> Work instruction: Exact reproduction, images excluded: write out the records below.
Data excerpts START
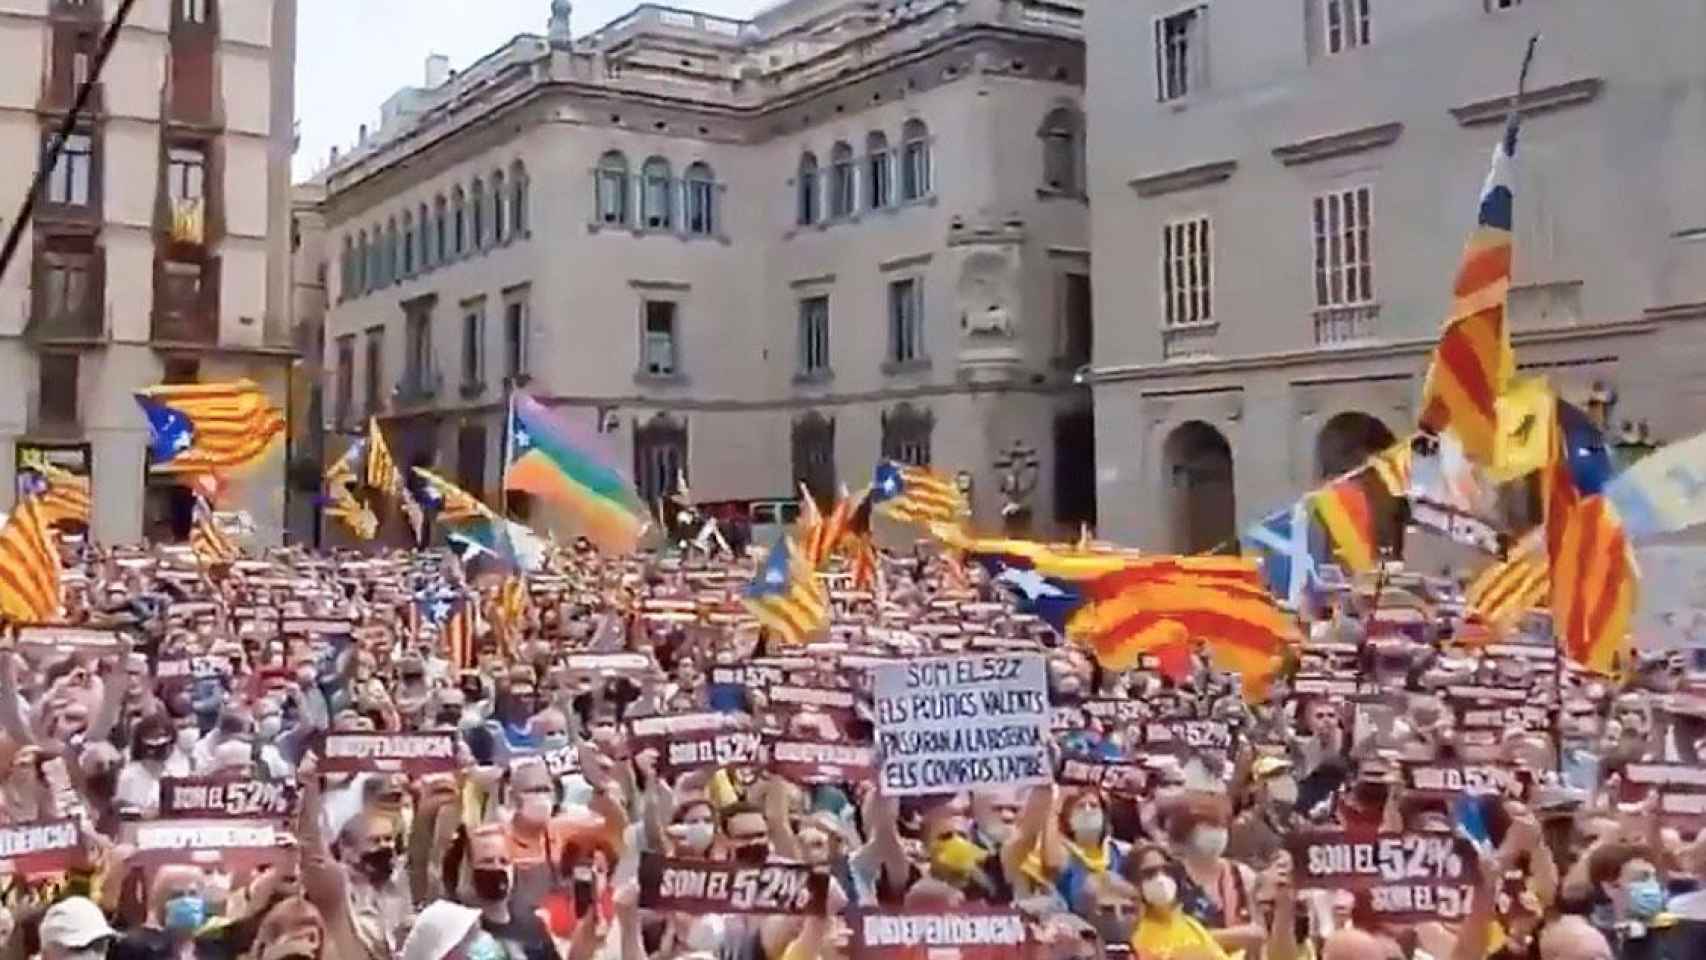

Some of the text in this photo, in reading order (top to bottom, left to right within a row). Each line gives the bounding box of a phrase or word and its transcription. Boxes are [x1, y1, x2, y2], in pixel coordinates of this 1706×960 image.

[906, 662, 951, 689] SOM
[956, 660, 980, 685] EL
[878, 696, 908, 725] ELS
[886, 761, 918, 788] ELS
[1353, 843, 1380, 874] EL
[1379, 833, 1463, 882] 52%
[659, 866, 811, 911] SOM EL 52%
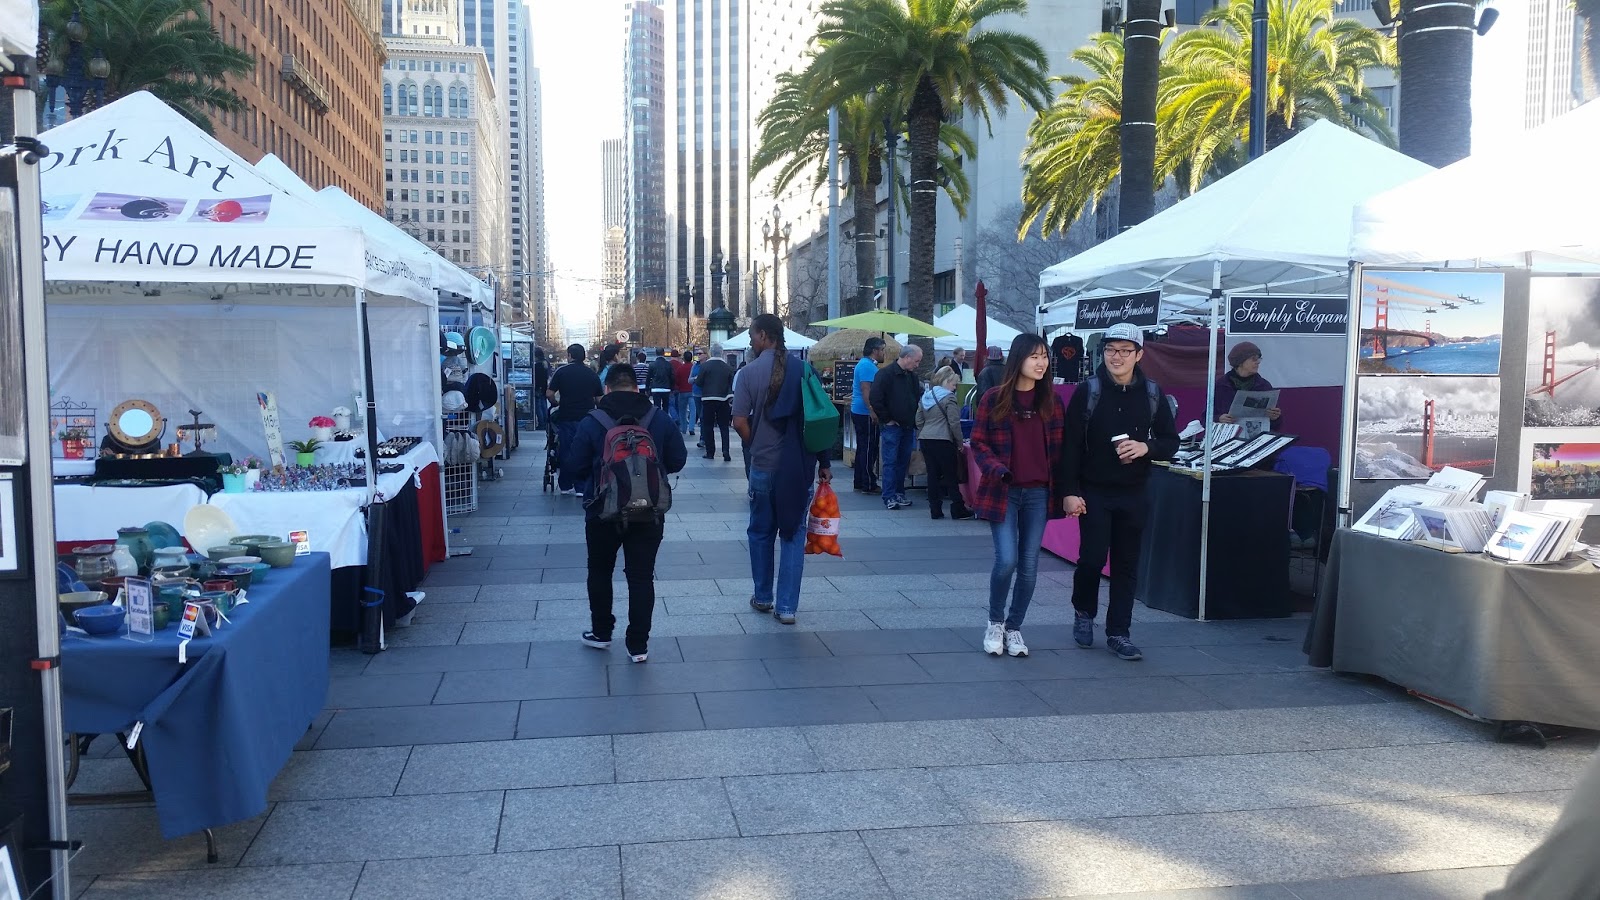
Data excerpts END
> Problem solution:
Some of the text in this photo, in reading order (top to bottom, left to right within a row). Each line gives the bounding box of a phrase or word and its transcription. Boxes are [x1, y1, x2, y2], in pixel coordinates of this 1706×960 image.

[906, 662, 951, 689] SOM
[956, 660, 980, 685] EL
[878, 696, 908, 725] ELS
[886, 761, 918, 788] ELS
[1353, 843, 1380, 874] EL
[1379, 833, 1463, 882] 52%
[659, 866, 811, 911] SOM EL 52%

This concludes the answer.